Give back every record exactly, with its pictures left out.

(Dataset entries)
* * * * *
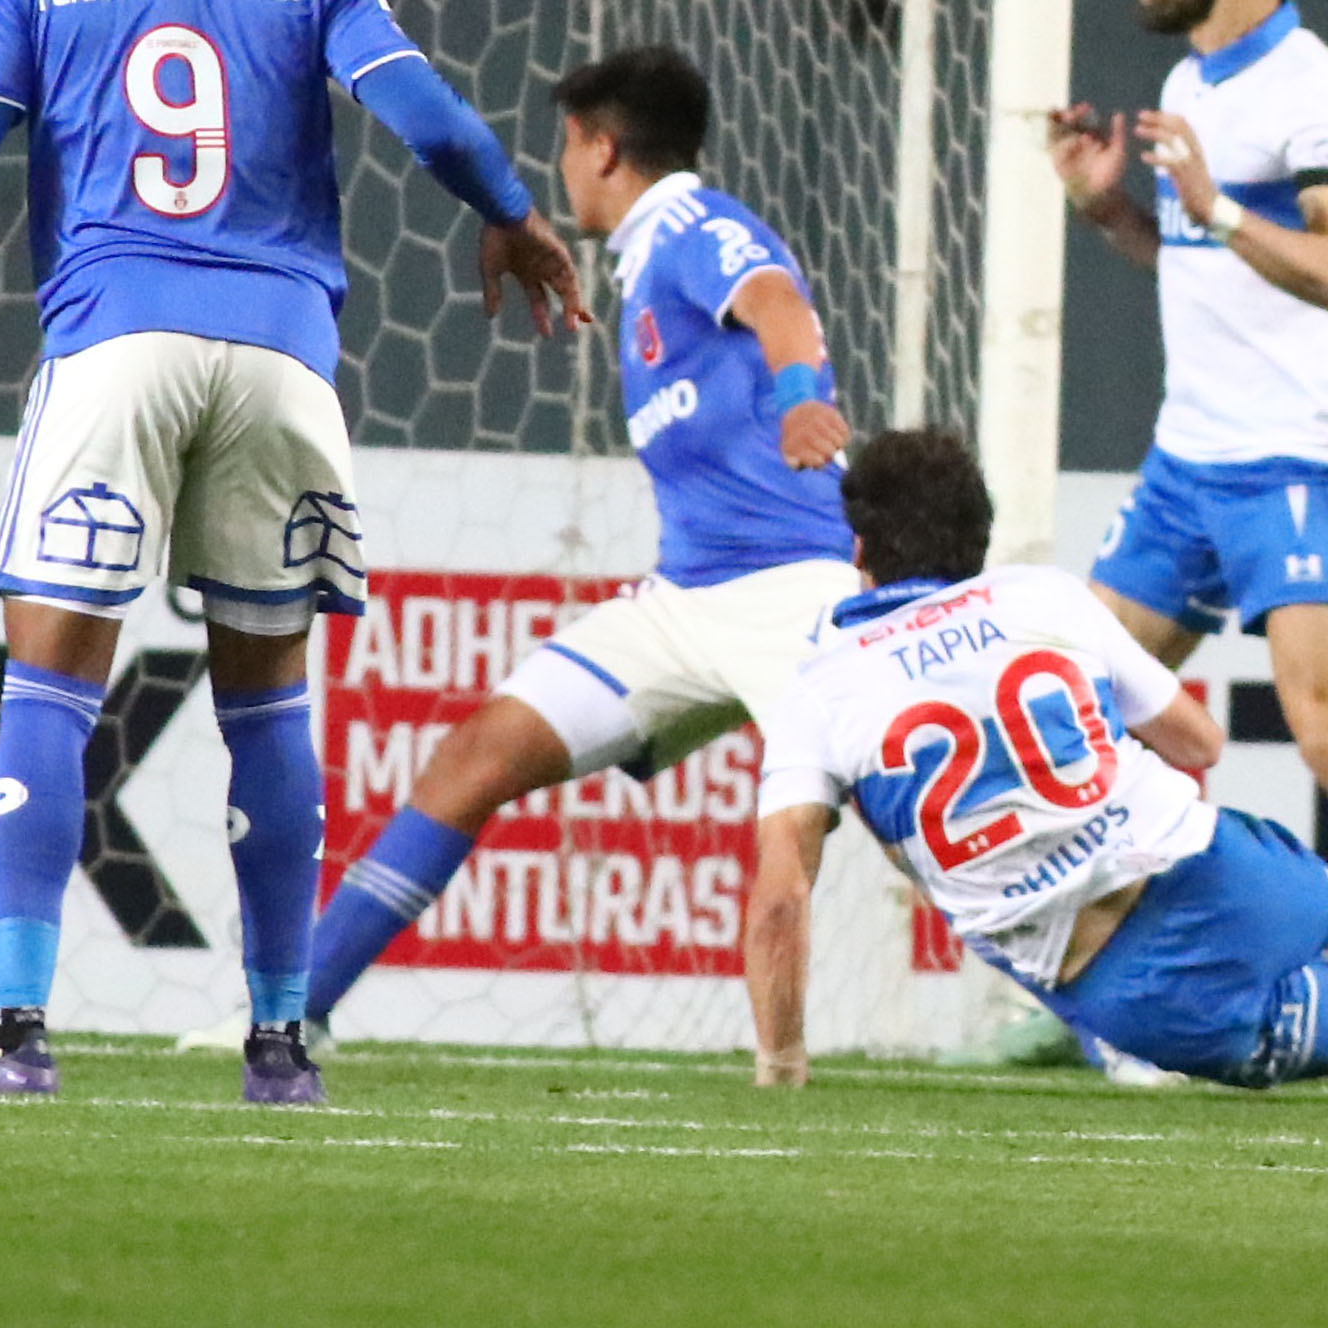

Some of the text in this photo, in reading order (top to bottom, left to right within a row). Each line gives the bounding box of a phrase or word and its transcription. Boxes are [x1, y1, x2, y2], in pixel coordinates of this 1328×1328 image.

[123, 22, 228, 219] 9
[888, 618, 1010, 681] TAPIA
[880, 649, 1119, 873] 20
[417, 850, 745, 947] NTURAS
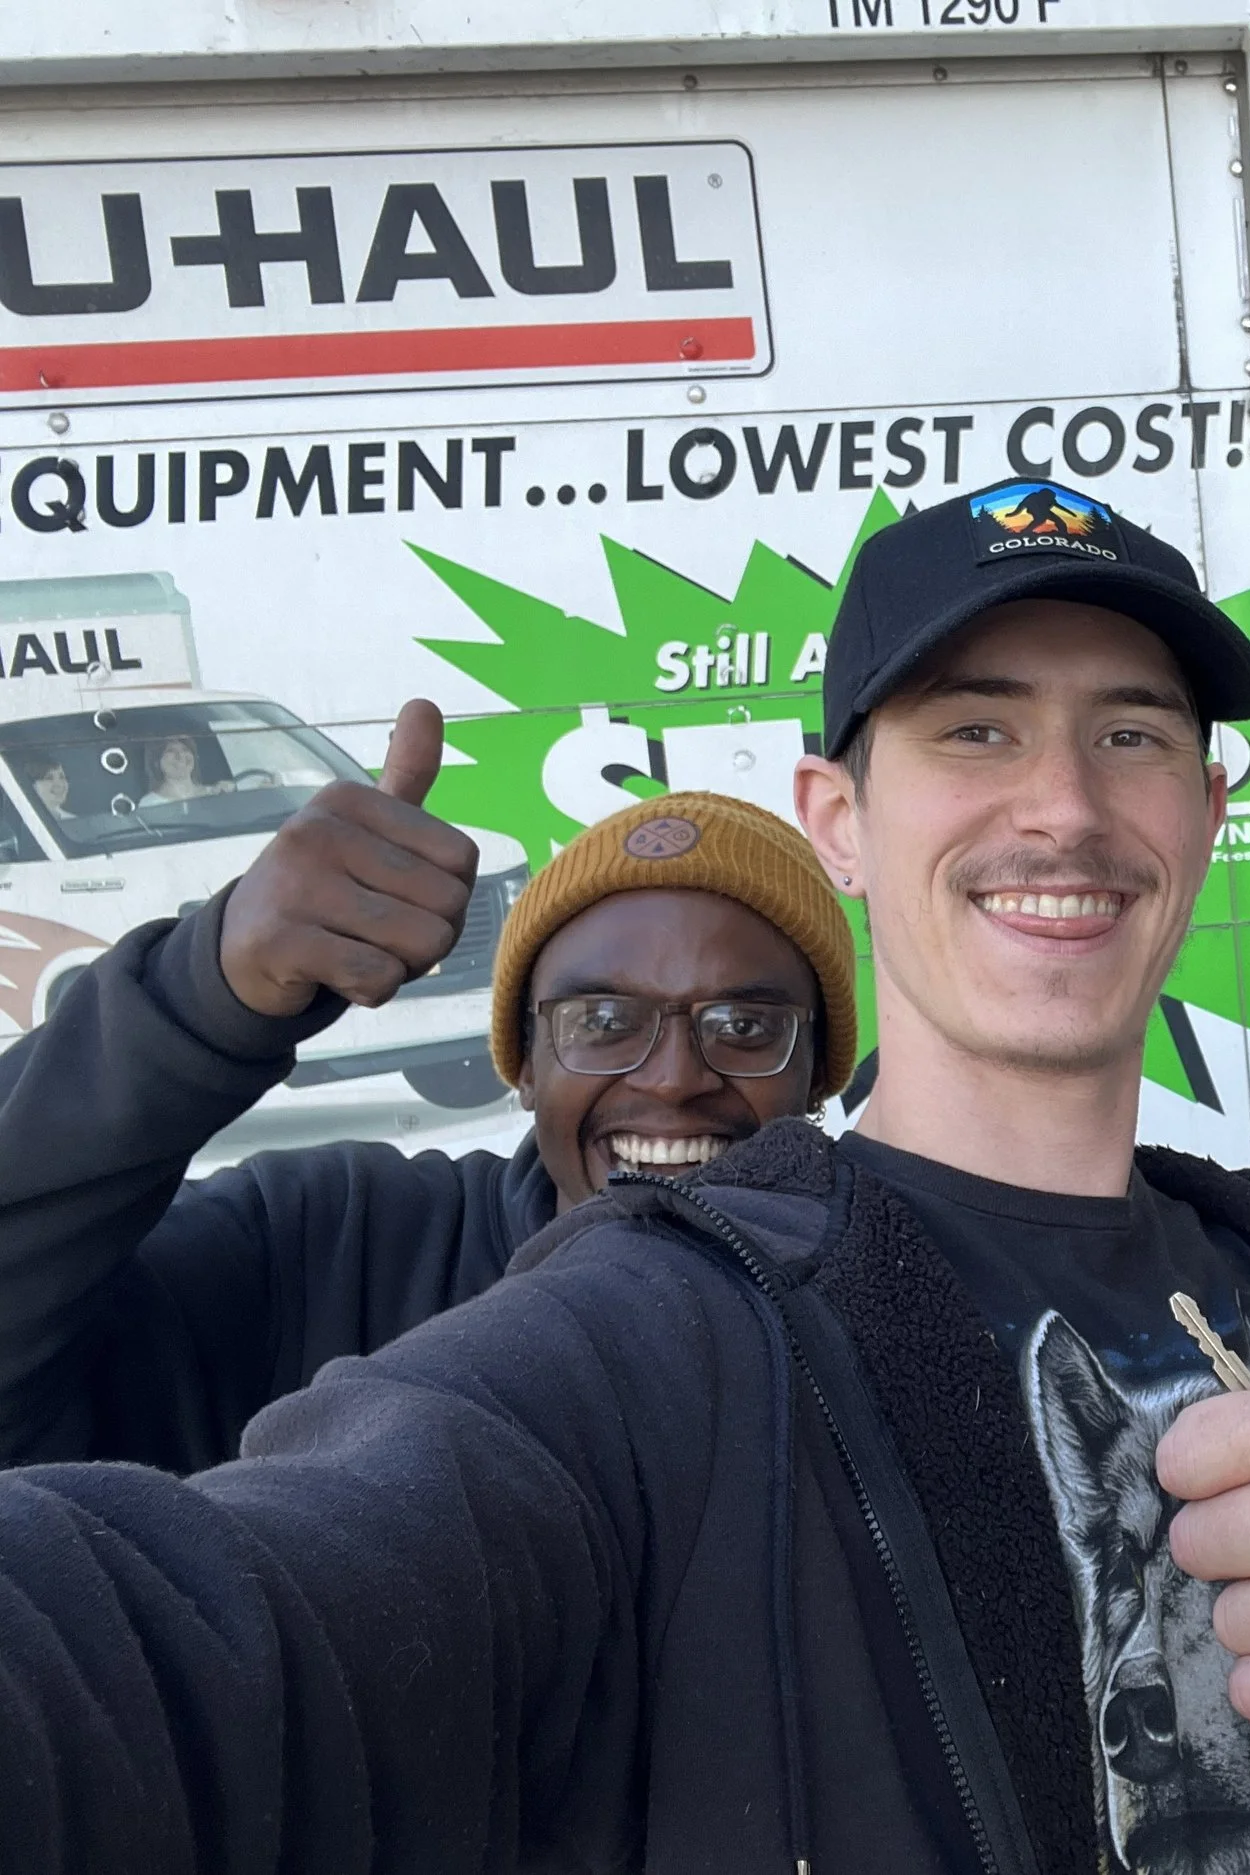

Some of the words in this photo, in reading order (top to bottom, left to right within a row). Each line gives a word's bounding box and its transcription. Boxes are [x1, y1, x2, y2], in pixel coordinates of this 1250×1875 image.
* * * * *
* [Solution to the problem]:
Some of the text in this photo, in reading order (top to bottom, left to right within a row). Each line gives the bounding box of a phrase or word and its transcription. Boxes are [x1, y1, x2, y2], in pixel coordinates of this 1328×1328 image.

[123, 22, 228, 219] 9
[888, 618, 1010, 681] TAPIA
[880, 649, 1119, 873] 20
[417, 850, 745, 947] NTURAS

Some of the words in this photo, in reading order (top to bottom, left to right within a row). Each line gives a word's bounding box and its transcription. Boxes are [x1, y1, x2, y2], in pixel coordinates of this 1250×1875 image.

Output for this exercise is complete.